▸ INFORMATION SUPPLIED
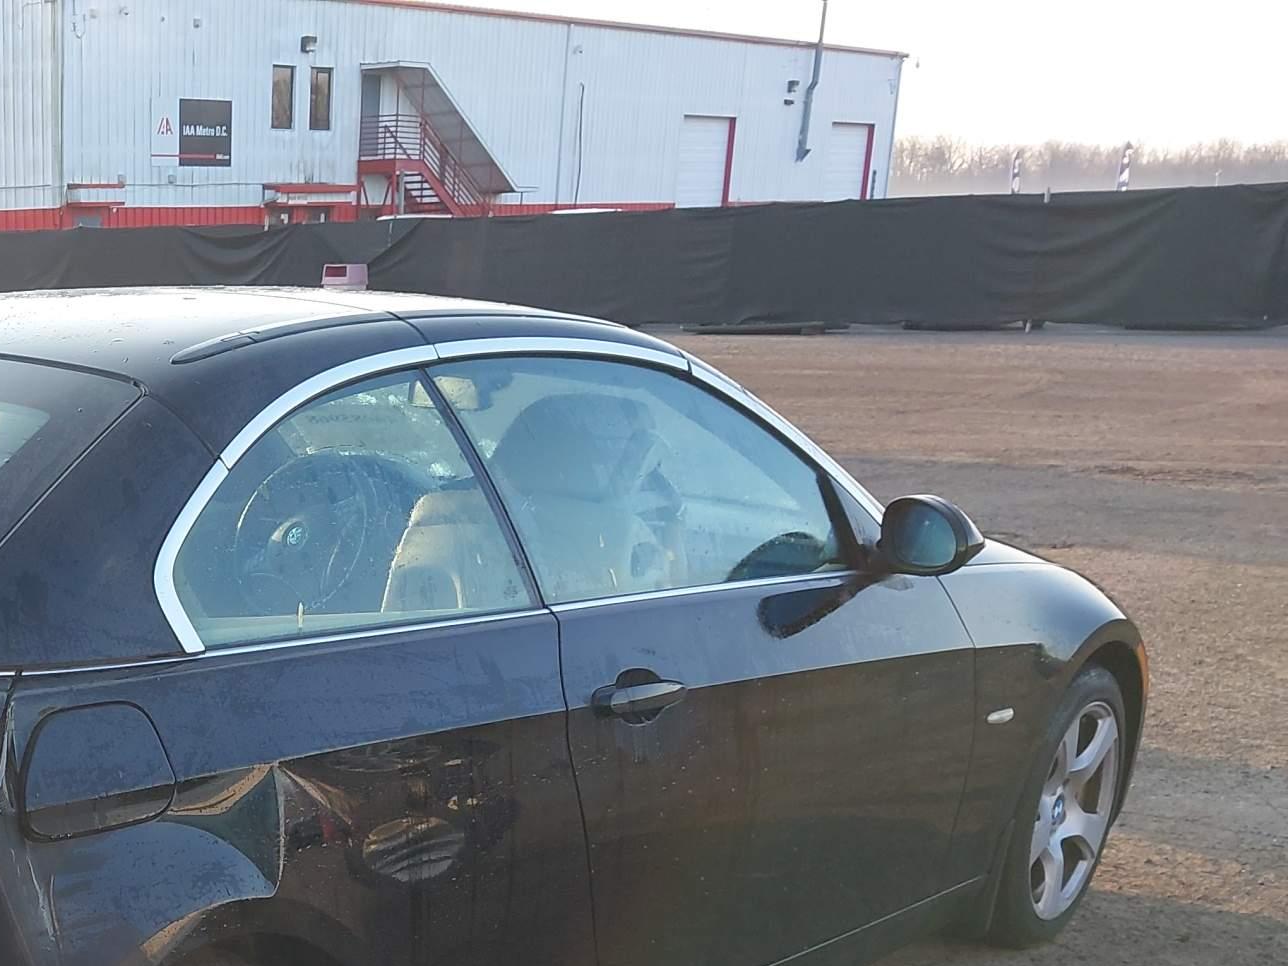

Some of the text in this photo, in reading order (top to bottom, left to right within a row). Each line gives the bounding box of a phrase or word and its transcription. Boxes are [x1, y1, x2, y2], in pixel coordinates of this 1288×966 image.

[183, 125, 228, 136] IAA Metro D.C.
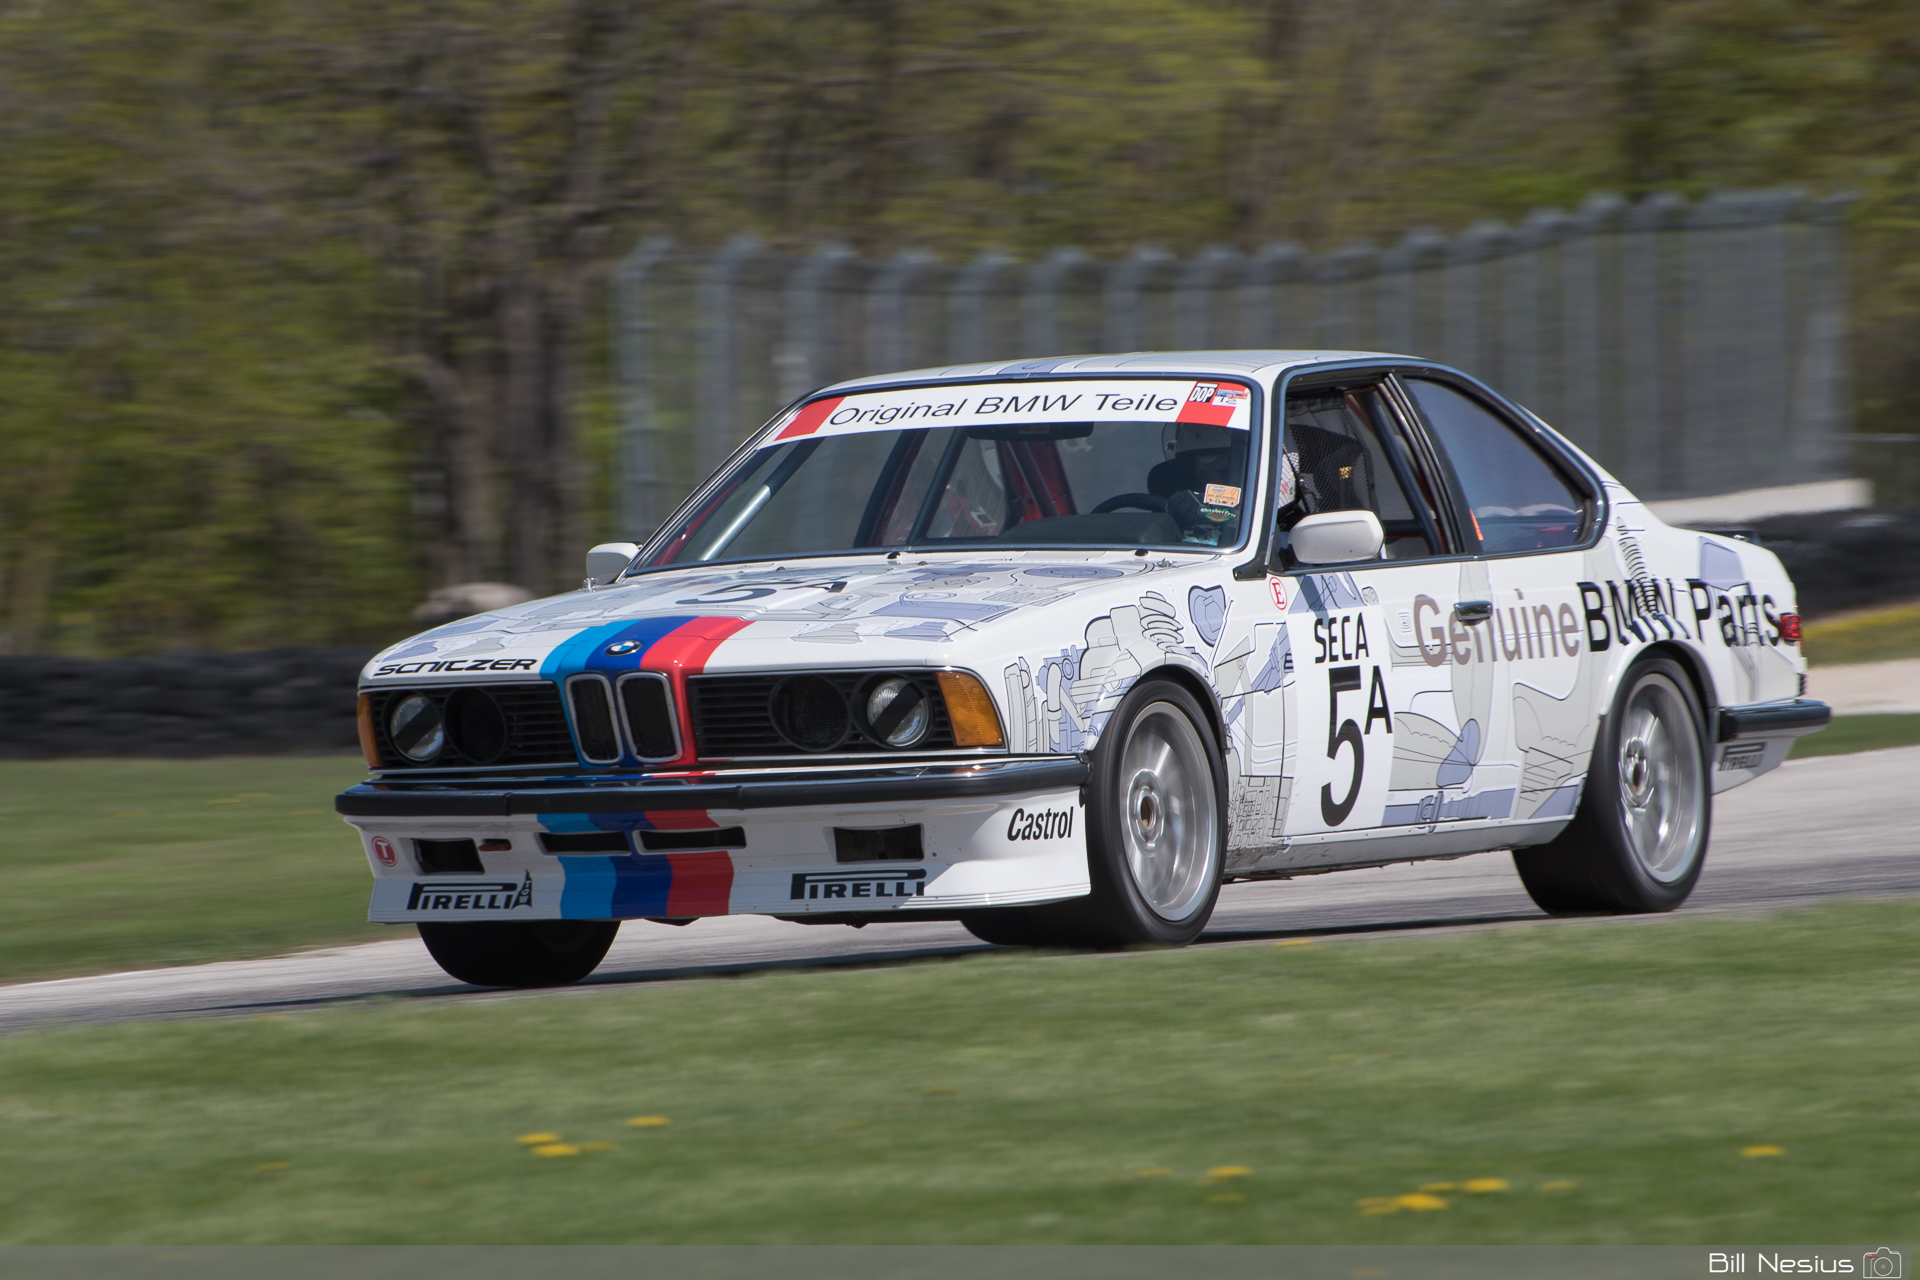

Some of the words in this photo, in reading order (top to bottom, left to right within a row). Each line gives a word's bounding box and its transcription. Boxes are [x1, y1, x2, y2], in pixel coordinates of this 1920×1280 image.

[830, 398, 969, 426] Original
[975, 393, 1083, 415] BMW
[1095, 393, 1178, 411] Teile
[1188, 386, 1216, 403] DOP
[1272, 580, 1284, 605] E
[1314, 612, 1369, 664] SECA
[1413, 588, 1580, 668] Genuine
[1577, 577, 1691, 653] BMW
[1685, 578, 1780, 648] Parts
[1007, 806, 1074, 841] Castrol
[407, 883, 518, 911] PIRELLI
[790, 868, 927, 900] PIRELLI

▸ ACTION ITEM
Copy each entry exactly, with no pictures.

▸ RESPONSE AREA
Some of the text in this photo, in reading order (top to bottom, left to right within a row). Each line gives the bounding box of a phrase or word and its transcription. Boxes are [x1, y1, x2, y2], in pixel coordinates of this 1288×966 image.

[183, 125, 228, 136] IAA Metro D.C.

Some of the words in this photo, in reading order (top to bottom, left to right within a row). Each line gives a word's bounding box and its transcription. Boxes are [x1, y1, x2, y2], in pixel coordinates of this 1920×1280 image.

[830, 398, 969, 426] Original
[975, 393, 1083, 415] BMW
[1095, 393, 1178, 411] Teile
[1188, 386, 1216, 403] DOP
[1272, 580, 1284, 605] E
[1314, 612, 1369, 664] SECA
[1413, 588, 1580, 668] Genuine
[1577, 577, 1691, 653] BMW
[1685, 578, 1780, 648] Parts
[1007, 806, 1074, 841] Castrol
[407, 883, 518, 911] PIRELLI
[790, 868, 927, 900] PIRELLI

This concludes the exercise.